[Dataset excerpts]
□ □ □ □ □ □ □
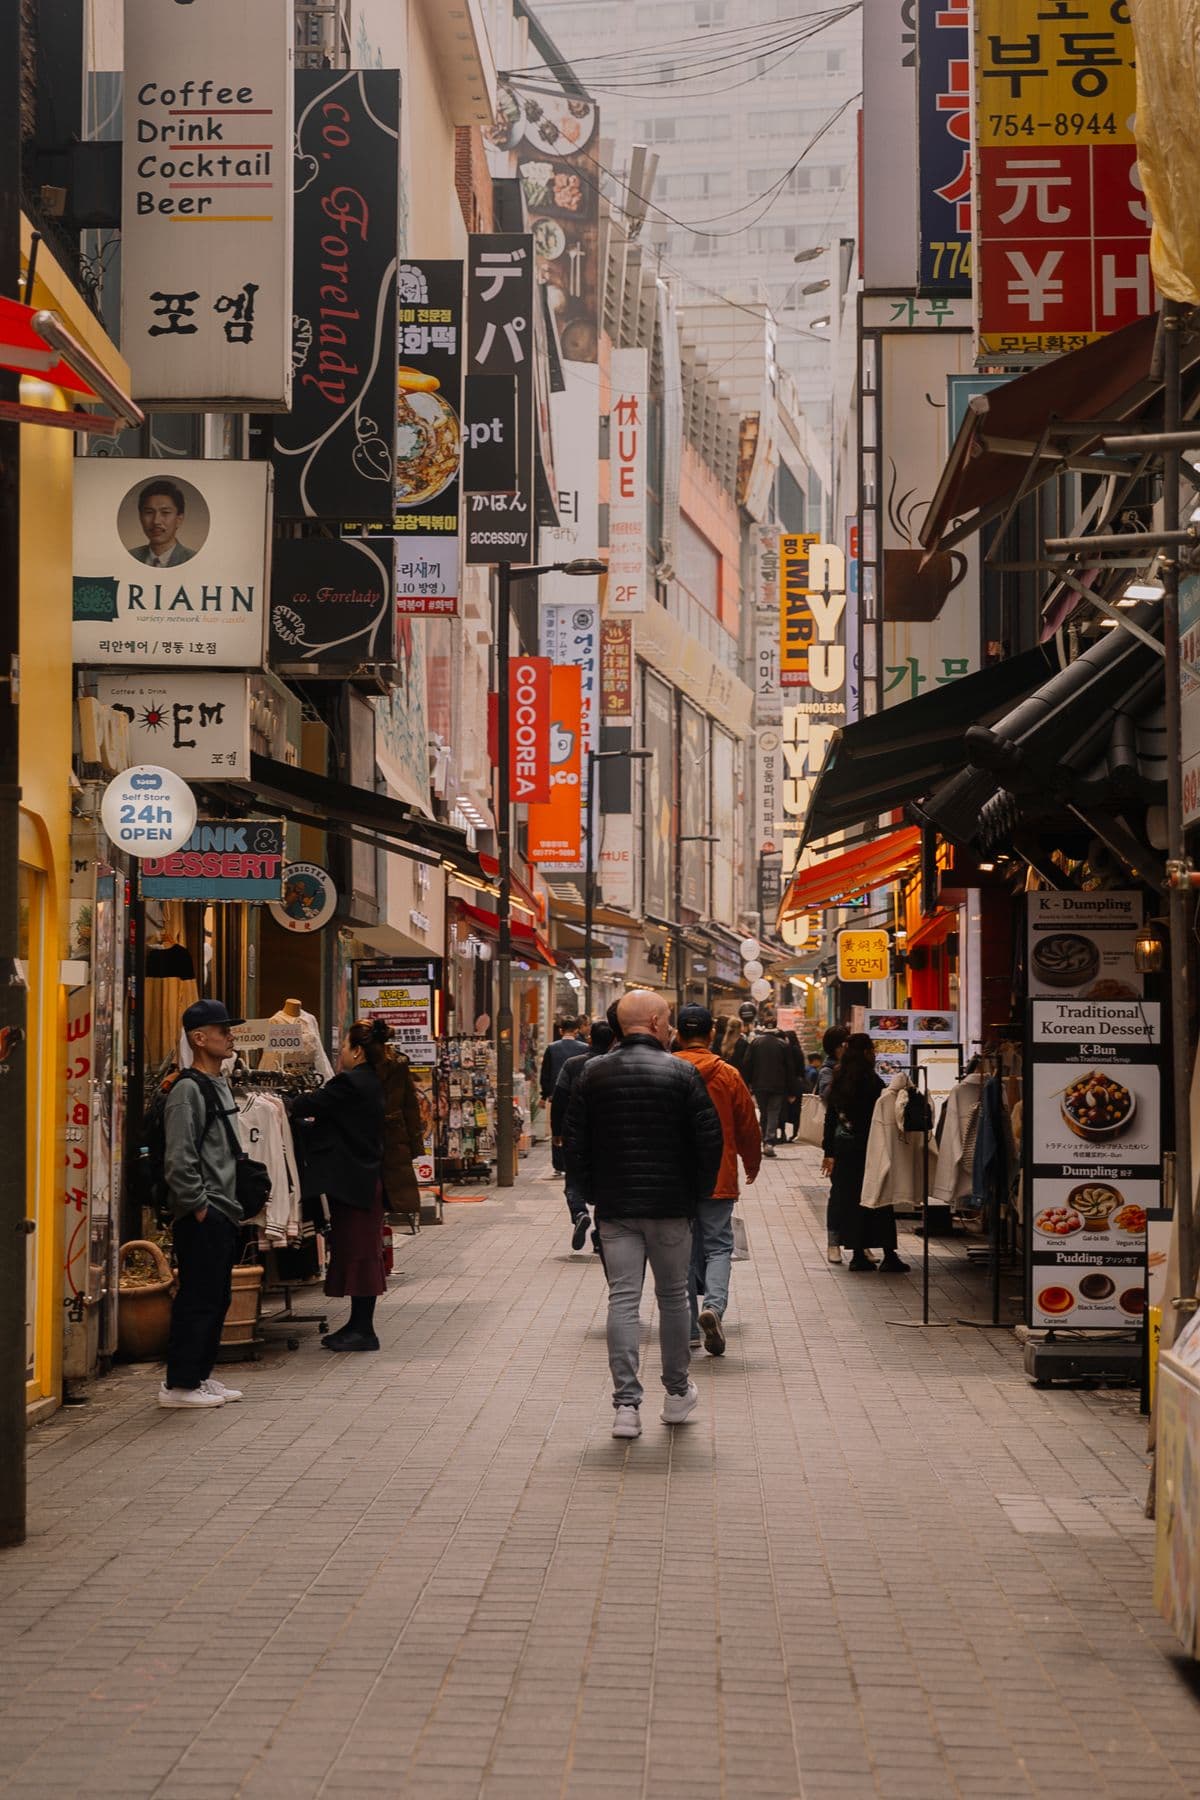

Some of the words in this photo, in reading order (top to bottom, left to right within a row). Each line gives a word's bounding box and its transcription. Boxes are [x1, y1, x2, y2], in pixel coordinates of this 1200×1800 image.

[982, 33, 1136, 98] 부동
[138, 81, 253, 106] Coffee
[137, 117, 223, 143] Drink
[988, 113, 1117, 137] 754-8944
[137, 152, 271, 178] Cocktail
[995, 160, 1072, 225] 元
[137, 192, 212, 215] Beer
[302, 186, 369, 405] Forelady
[148, 283, 259, 344] 포엠
[417, 309, 452, 323] 전문점
[889, 297, 955, 327] 가무
[398, 325, 456, 355] 화떡
[470, 530, 528, 548] accessory
[397, 562, 441, 579] 리새끼
[128, 584, 254, 612] RIAHN
[615, 586, 638, 602] 2F
[136, 614, 164, 625] variety
[166, 614, 200, 624] network
[99, 640, 148, 654] 리안헤어
[162, 641, 184, 654] 명동
[189, 641, 217, 655] 1호점
[608, 695, 625, 709] 3F
[516, 665, 537, 796] COCOREA
[122, 793, 141, 801] Self
[144, 793, 170, 801] Store
[120, 804, 172, 824] 24h
[120, 828, 172, 840] OPEN
[182, 826, 248, 852] INK
[254, 828, 279, 852] &
[142, 852, 281, 879] DESSERT
[1063, 898, 1132, 913] Dumpling
[1056, 1004, 1139, 1018] Traditional
[1041, 1022, 1096, 1036] Korean
[1099, 1022, 1155, 1036] Dessert
[270, 1037, 300, 1047] 0.000
[1080, 1044, 1116, 1055] K-Bun
[1062, 1165, 1118, 1179] Dumpling
[1116, 1240, 1131, 1248] Vegan
[1056, 1252, 1103, 1266] Pudding
□ □ □ □ □ □ □
Write out the data above precisely. Pictures stay out.

- _TASK OUTPUT_:
Some of the words in this photo, in reading order (top to bottom, left to right within a row). Each line gives a word's bounding box and its transcription. Boxes are [x1, y1, x2, y2], in pixel coordinates of this 1200×1800 image.

[982, 33, 1136, 98] 부동
[138, 81, 253, 106] Coffee
[137, 117, 223, 143] Drink
[988, 113, 1117, 137] 754-8944
[137, 152, 271, 178] Cocktail
[995, 160, 1072, 225] 元
[137, 192, 212, 215] Beer
[302, 186, 369, 405] Forelady
[148, 283, 259, 344] 포엠
[417, 309, 452, 323] 전문점
[889, 297, 955, 327] 가무
[398, 325, 456, 355] 화떡
[470, 530, 528, 548] accessory
[397, 562, 441, 579] 리새끼
[128, 584, 254, 612] RIAHN
[615, 586, 638, 602] 2F
[136, 614, 164, 625] variety
[166, 614, 200, 624] network
[99, 640, 148, 654] 리안헤어
[162, 641, 184, 654] 명동
[189, 641, 217, 655] 1호점
[608, 695, 625, 709] 3F
[516, 665, 537, 796] COCOREA
[122, 793, 141, 801] Self
[144, 793, 170, 801] Store
[120, 804, 172, 824] 24h
[120, 828, 172, 840] OPEN
[182, 826, 248, 852] INK
[254, 828, 279, 852] &
[142, 852, 281, 879] DESSERT
[1063, 898, 1132, 913] Dumpling
[1056, 1004, 1139, 1018] Traditional
[1041, 1022, 1096, 1036] Korean
[1099, 1022, 1155, 1036] Dessert
[270, 1037, 300, 1047] 0.000
[1080, 1044, 1116, 1055] K-Bun
[1062, 1165, 1118, 1179] Dumpling
[1116, 1240, 1131, 1248] Vegan
[1056, 1252, 1103, 1266] Pudding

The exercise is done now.